Los niños de Gaza son adictos a los narcóticos que consumen para soportar el dolor mientras trabajan en los túneles doce horas al día

Traducido por Beatriz Valerio. Edición de Manuel Talens

Los niños judíos del Estado de Israel –ese país que el pasado enero atacó a los niños de Gaza con sus bombas y misiles y asedió su ciudad por tierra, mar y aire– están disfrutando de comida abundante, educación, salud, medios de transporte, esparcimiento y agua para bañarse y nadar. Pero ¿cuál es la situación actual de los niños hambrientos de Gaza?
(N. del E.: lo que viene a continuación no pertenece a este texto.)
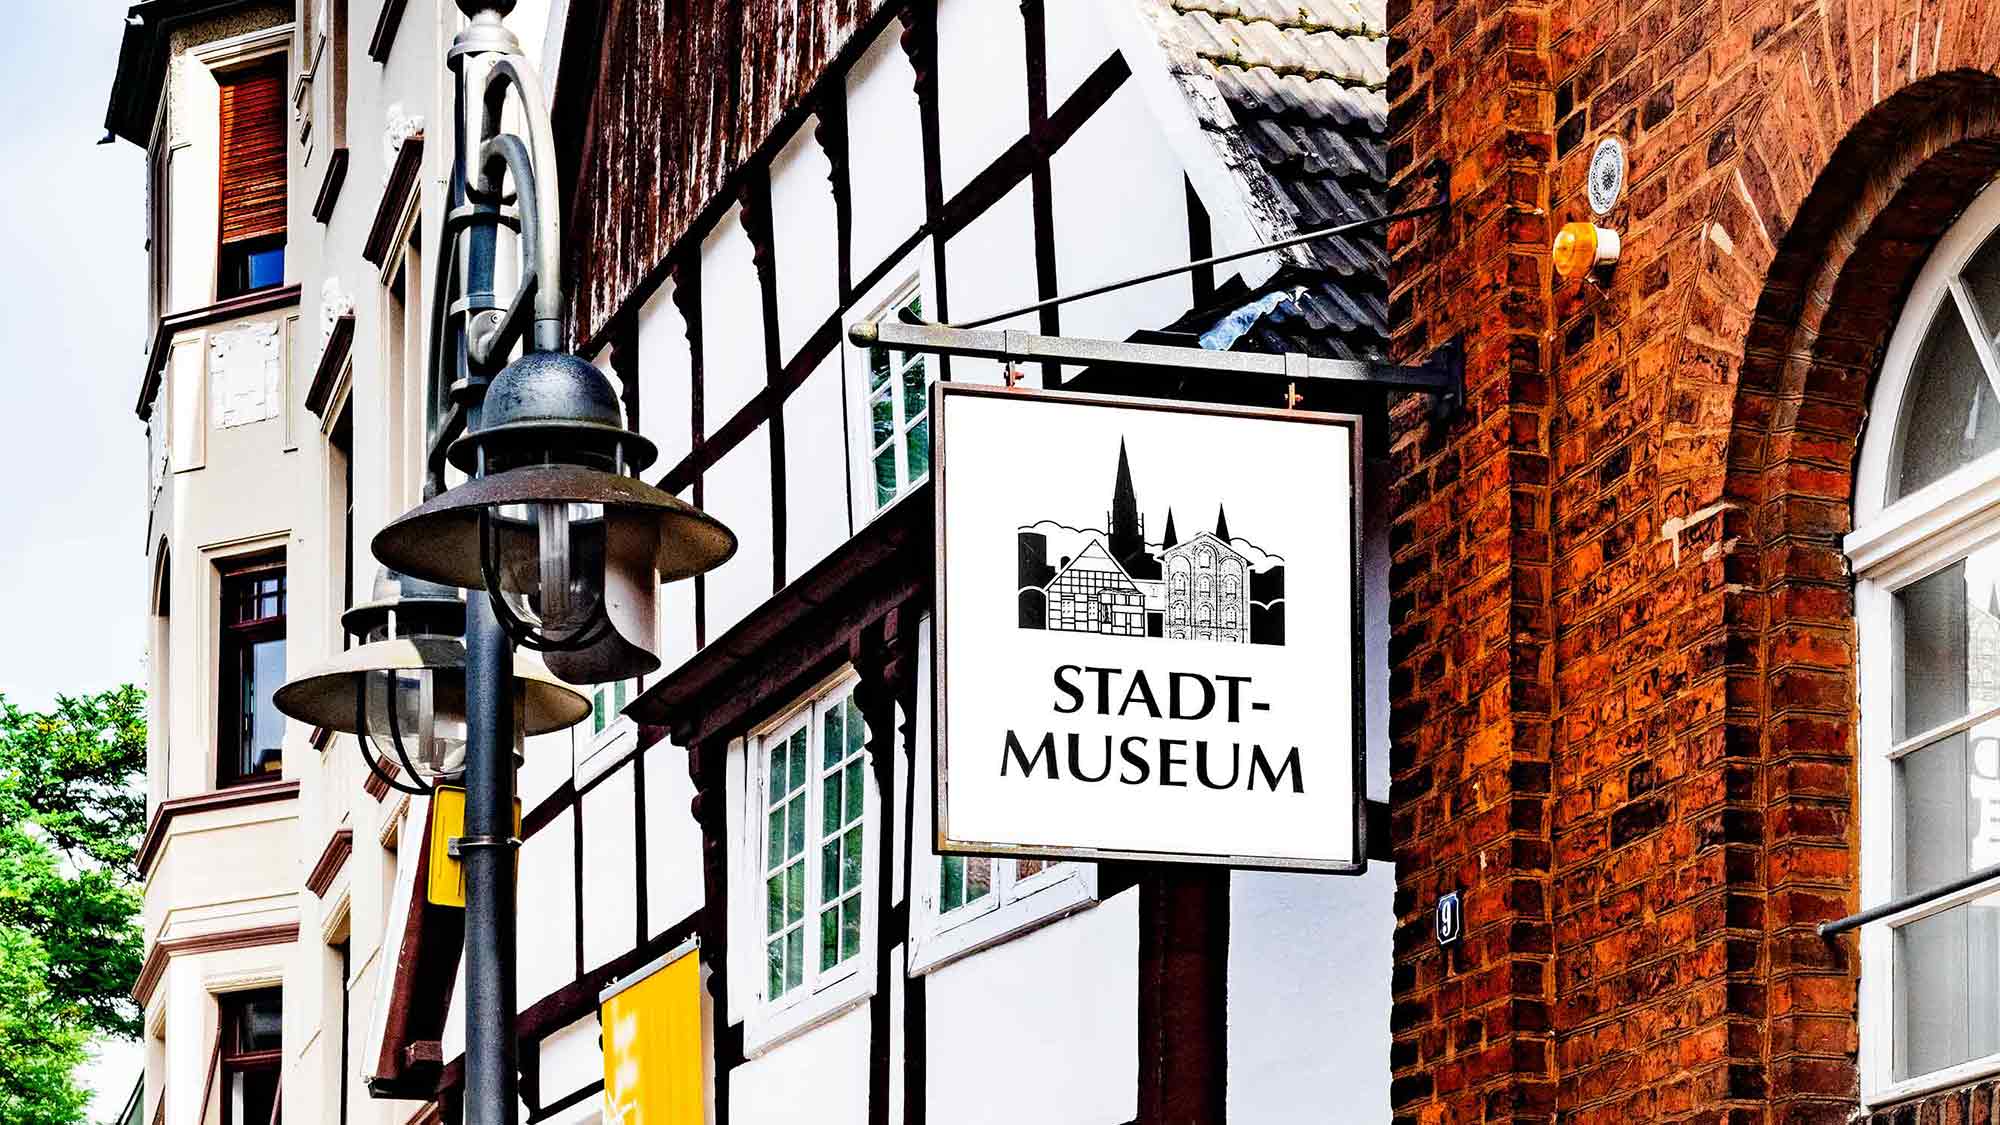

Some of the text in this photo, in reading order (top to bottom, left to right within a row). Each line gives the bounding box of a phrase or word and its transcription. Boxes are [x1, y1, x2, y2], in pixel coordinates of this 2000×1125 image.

[1053, 665, 1270, 723] STADT-
[1000, 729, 1305, 794] MUSEUM
[1441, 901, 1452, 937] 9
Quienes están al tanto del sitio de Gaza saben de la escasez de alimentos, medicinas, materiales de construcción y otros bienes de consumo que sufre la franja, pero lo que pocos saben es que este sitio ha obligado a los niños gazanos –las víctimas principales– a sufrir una nueva forma de opresión mental y dolor físico.

Los niños de Gaza están obligados a trabajar dentro de los estrechos y peligrosos túneles construidos entre Gaza y Egipto, por donde pasan alimentos y otras mercancías de contrabando. Además, hacen otras tareas: trabajan en la excavación de los túneles, eligen los recorridos apropiados, la conexión de sistemas de iluminación y el tendido de oleoductos para extraer el combustible de contrabando proveniente del lado egipcio.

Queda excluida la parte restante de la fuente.